MIT researchers have developed an artificial intelligence-based generative approach to planning long-term visual tasks such as robot navigation that is about twice as effective as some existing techniques.
Their method uses a specialized vision-linguistic model to perceive a scenario in an image and simulate the actions necessary to achieve a goal. The second model then translates these simulations into a standard programming language for problem planning and refines the solution.
Finally, the system automatically generates a set of files that can be fed into classic planning software that calculates a plan to achieve the goal. This two-step system generated plans with an average success rate of about 70 percent, outperforming the best baseline methods, which could only achieve about 30 percent.
Importantly, the system can solve novel problems that have not been encountered before, making it perfect for real environments where conditions can change at any time.
“Our framework combines the advantages of vision-linguistic models, such as their ability to understand images, with great possibilities for planning a formal solution,” says Yilun Hao, a graduate student in aeronautics and astronautics (AeroAstro) at MIT and lead author of the book public paper on this technique. “It can take a single image and transfer it through simulation and then create a robust, long-term plan that can be useful in many real-world applications.”
She is joined in this article by Yongchao Chen, a graduate student at MIT’s Laboratory of Information and Decision Systems (LIDS); Chuchu Fan, associate professor at AeroAstro and principal investigator at LIDS; and Yang Zhang, a research associate at the MIT-IBM Watson AI Lab. The paper will be presented at the International Conference on Learning Representations.
Coping with visual tasks
Over the past few years, Fan and her colleagues have been exploring the apply of generative AI models to perform intricate reasoning and planning, often using gigantic language models (LLMs) to process text input.

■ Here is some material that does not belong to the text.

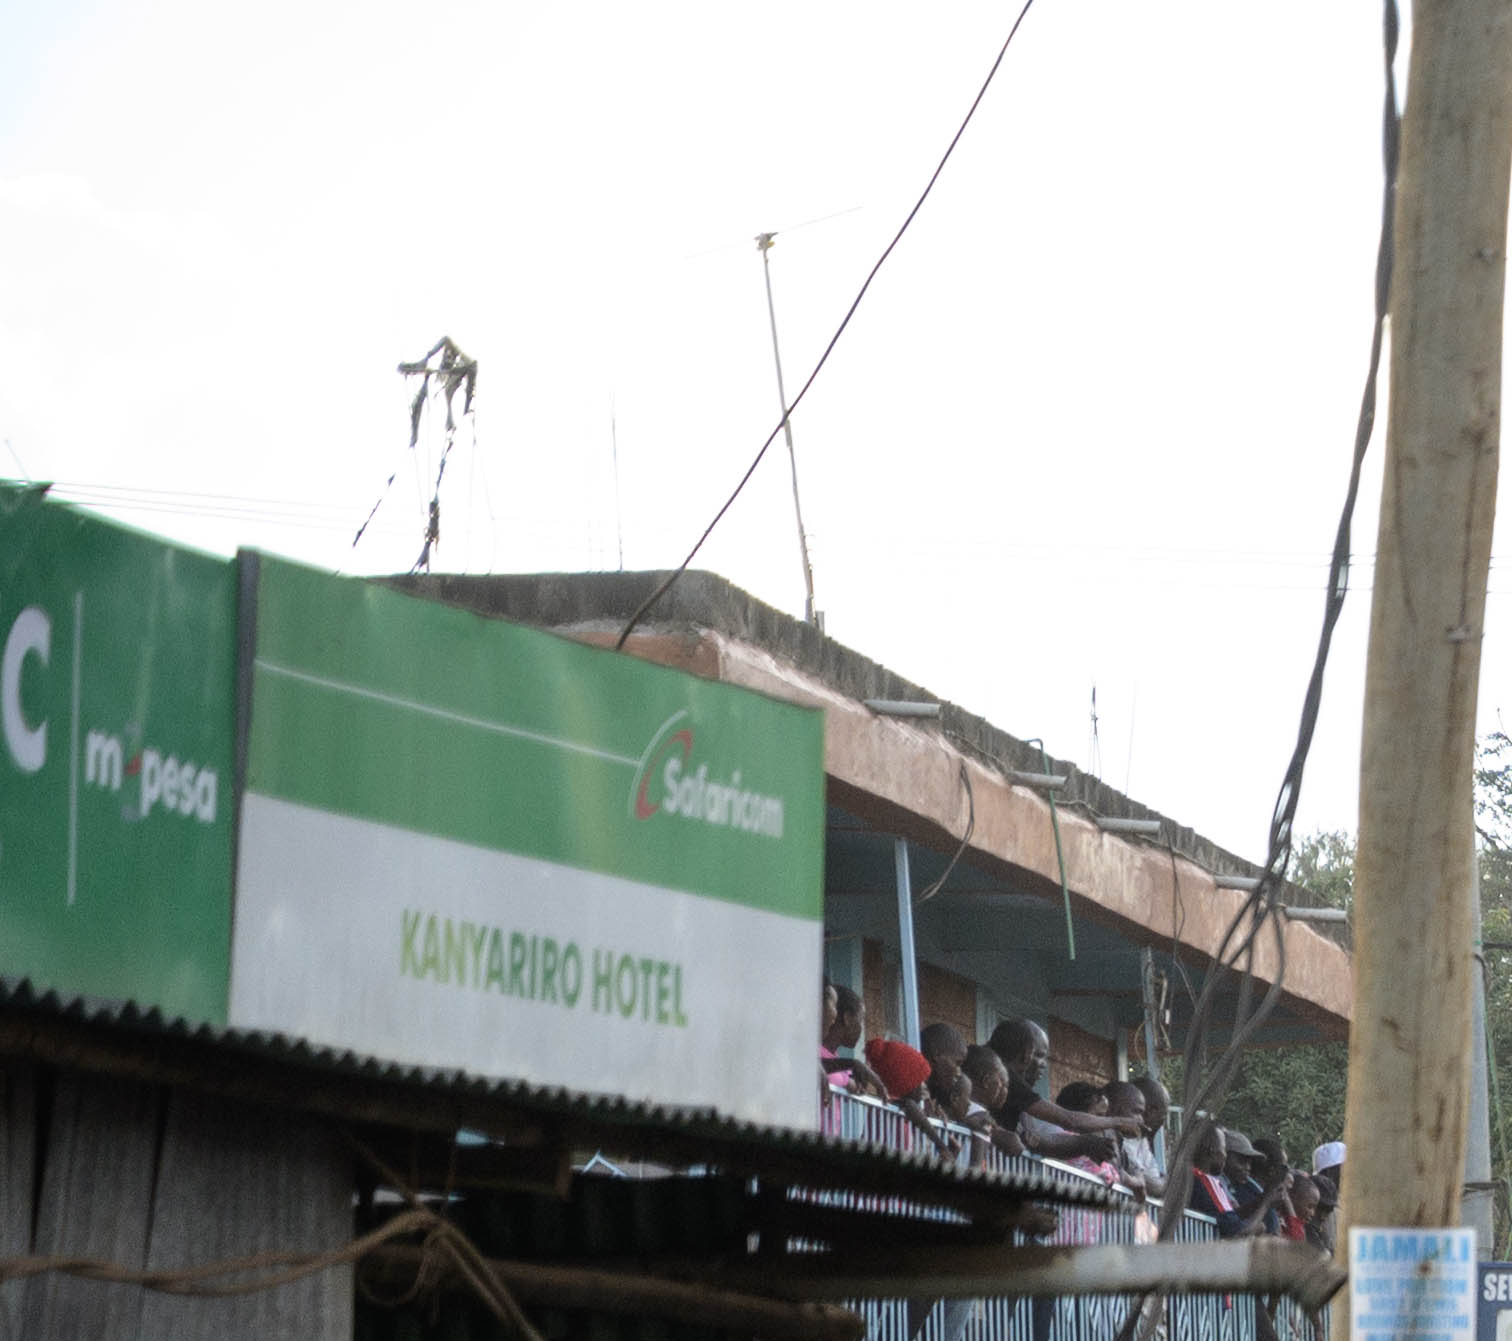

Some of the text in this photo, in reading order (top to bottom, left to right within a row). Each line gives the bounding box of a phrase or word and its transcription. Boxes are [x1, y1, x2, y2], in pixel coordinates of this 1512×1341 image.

Many real-world planning problems, such as robot assembly and autonomous driving, require visual inputs that LLM cannot handle on its own. Scientists have sought to expand into the visual domain by using visual-linguistic models (VLM), powerful artificial intelligence systems that can process images and text.
However, VLMs have difficulty understanding the spatial relationships between objects in a scene and often fail to reason correctly across multiple steps. This makes it tough to apply VLM for long-range planning.
On the other hand, researchers have developed resilient, formal planners that can generate effective long-term plans for intricate situations. However, these software systems cannot process visual data and require specialized knowledge to encode the problem in a language that the solver can understand.
Fan and her team have created an automated scheduling system that leverages the best of both methods. The system, called VLM-driven formal planning (VLMFP), uses two specialized VLMs that work together to turn visual planning problems into ready-to-use files for formal planning software.
The researchers first carefully trained a diminutive model, which they called SimVLM, to specialize in describing a scenario in an image using natural language and simulating the sequence of actions in that scenario. Then a much larger model, which they call GenVLM, uses the description from SimVLM to generate a set of seed files in a formal planning language known as the Planning Domain Definition Language (PDDL).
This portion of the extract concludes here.